Copy the lines below verbatim, but only from the line containing "Some of the text" through the end of the data.

SOURCE MATERIAL
= Beginning of Section =

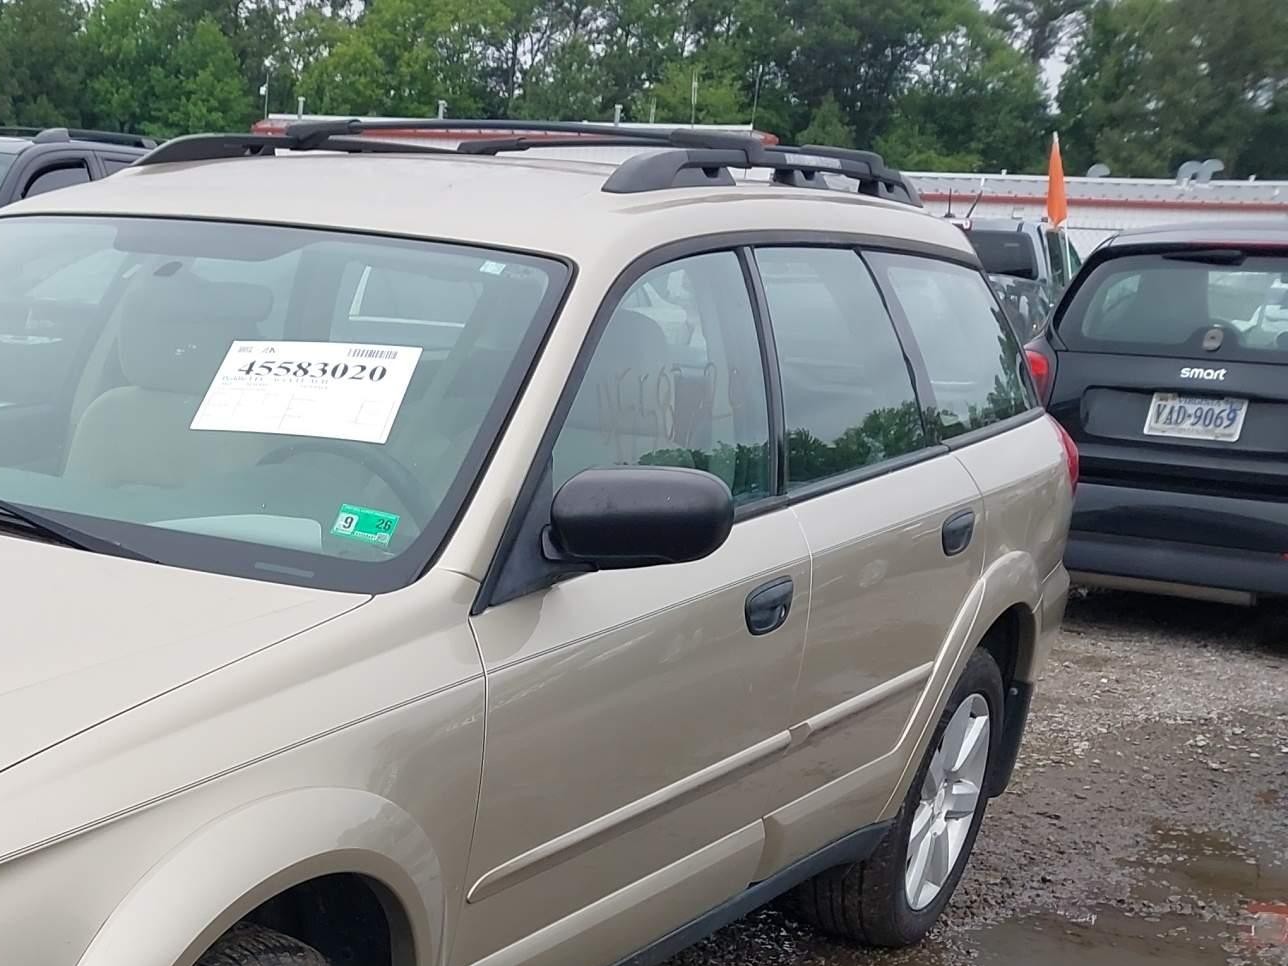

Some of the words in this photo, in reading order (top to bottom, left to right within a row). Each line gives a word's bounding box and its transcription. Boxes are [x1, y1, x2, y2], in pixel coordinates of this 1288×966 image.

[238, 361, 387, 382] 45583020
[1180, 367, 1227, 380] smart
[343, 516, 354, 529] 9
[376, 518, 393, 531] 26
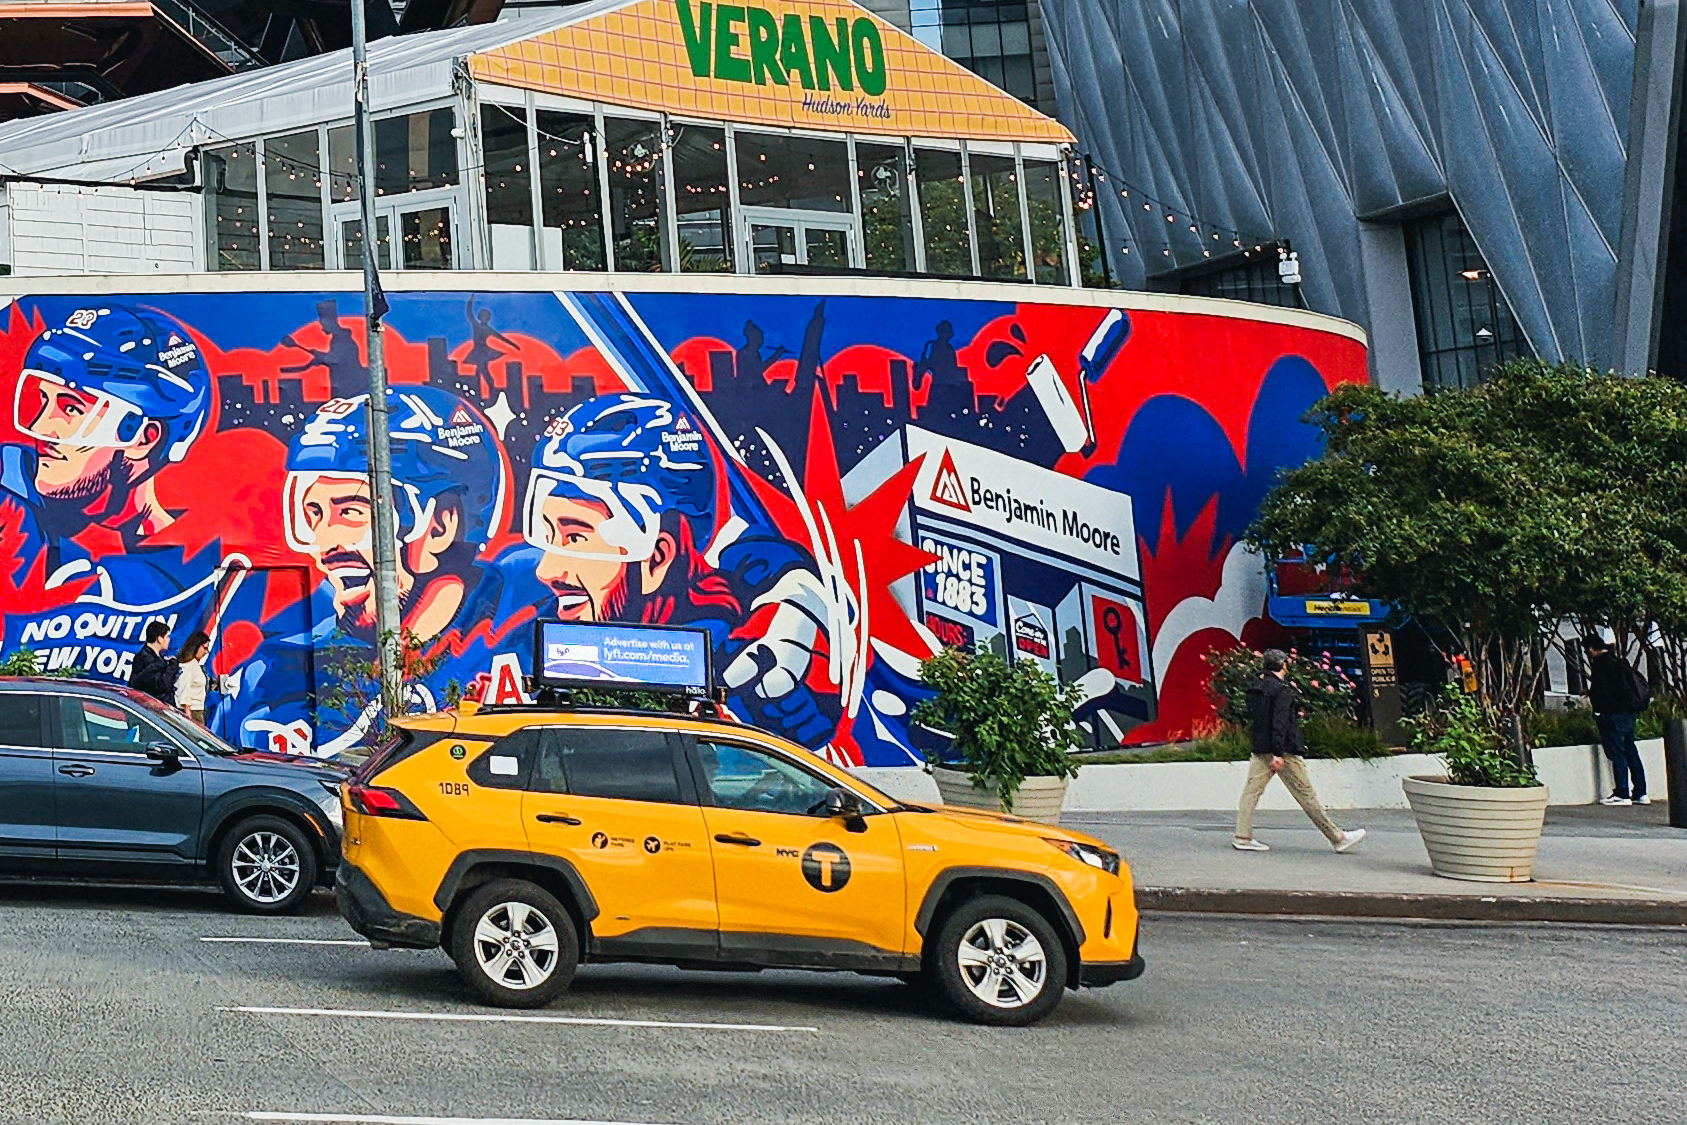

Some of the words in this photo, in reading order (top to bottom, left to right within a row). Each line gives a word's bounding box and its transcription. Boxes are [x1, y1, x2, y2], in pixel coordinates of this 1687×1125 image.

[801, 92, 853, 116] Hudson
[854, 96, 891, 119] Yards
[158, 342, 197, 363] Benjamin
[167, 351, 196, 369] Moore
[437, 423, 484, 440] Benjamin
[661, 430, 703, 444] Benjamin
[447, 435, 481, 448] Moore
[669, 441, 699, 452] Moore
[969, 476, 1058, 534] Benjamin
[1062, 508, 1121, 556] Moore
[922, 538, 987, 586] SINCE
[935, 572, 987, 616] 1883
[20, 614, 72, 643] NO
[73, 612, 143, 640] QUIT
[604, 637, 649, 648] Advertise
[649, 639, 671, 650] with
[671, 642, 683, 651] us
[683, 642, 695, 651] at
[31, 645, 82, 675] EW
[82, 645, 136, 681] YOR
[604, 647, 691, 664] lyft.com/media.
[492, 659, 527, 705] A
[438, 782, 470, 797] 1D89
[776, 847, 800, 858] NYC
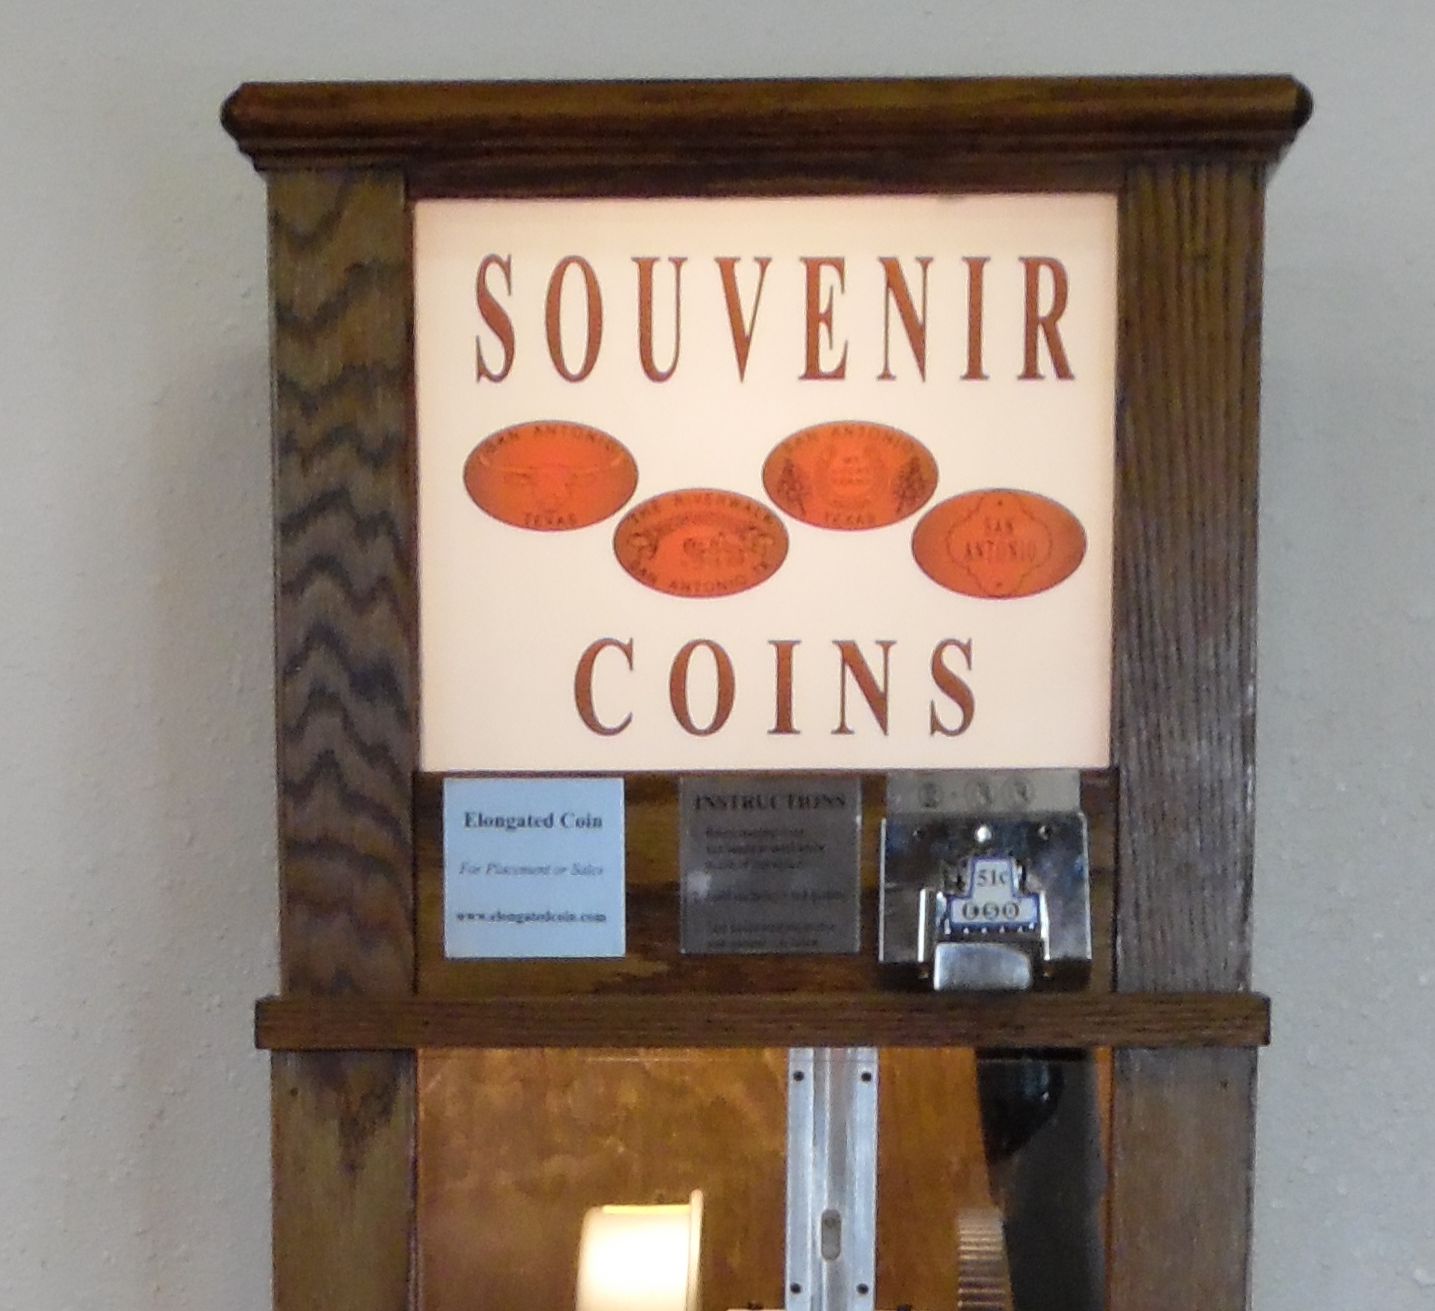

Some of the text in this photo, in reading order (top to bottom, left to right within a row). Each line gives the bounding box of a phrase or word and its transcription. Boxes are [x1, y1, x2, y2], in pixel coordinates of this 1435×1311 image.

[475, 253, 1075, 383] SOUVENIR
[524, 511, 577, 526] TEXAS
[984, 516, 1014, 533] SAN
[964, 540, 1037, 564] ANTONIO
[573, 637, 976, 736] COINS
[694, 793, 845, 810] INSTRUCTIONS
[463, 811, 604, 831] Elongated Coin
[459, 861, 482, 875] For
[486, 861, 551, 876] Placement
[553, 865, 567, 876] or
[456, 910, 607, 924] www.elongatedcoin.com

= End of Section =

ANSWER SPACE
Some of the text in this photo, in reading order (top to bottom, left to right within a row). Each line gives the bounding box of a phrase or word and its transcription. Boxes are [x1, y1, x2, y2], in pixel coordinates of this 1435×1311 image.

[475, 253, 1075, 383] SOUVENIR
[524, 511, 577, 526] TEXAS
[984, 516, 1014, 533] SAN
[964, 540, 1037, 564] ANTONIO
[573, 637, 976, 736] COINS
[694, 793, 845, 810] INSTRUCTIONS
[463, 811, 604, 831] Elongated Coin
[459, 861, 482, 875] For
[486, 861, 551, 876] Placement
[553, 865, 567, 876] or
[456, 910, 607, 924] www.elongatedcoin.com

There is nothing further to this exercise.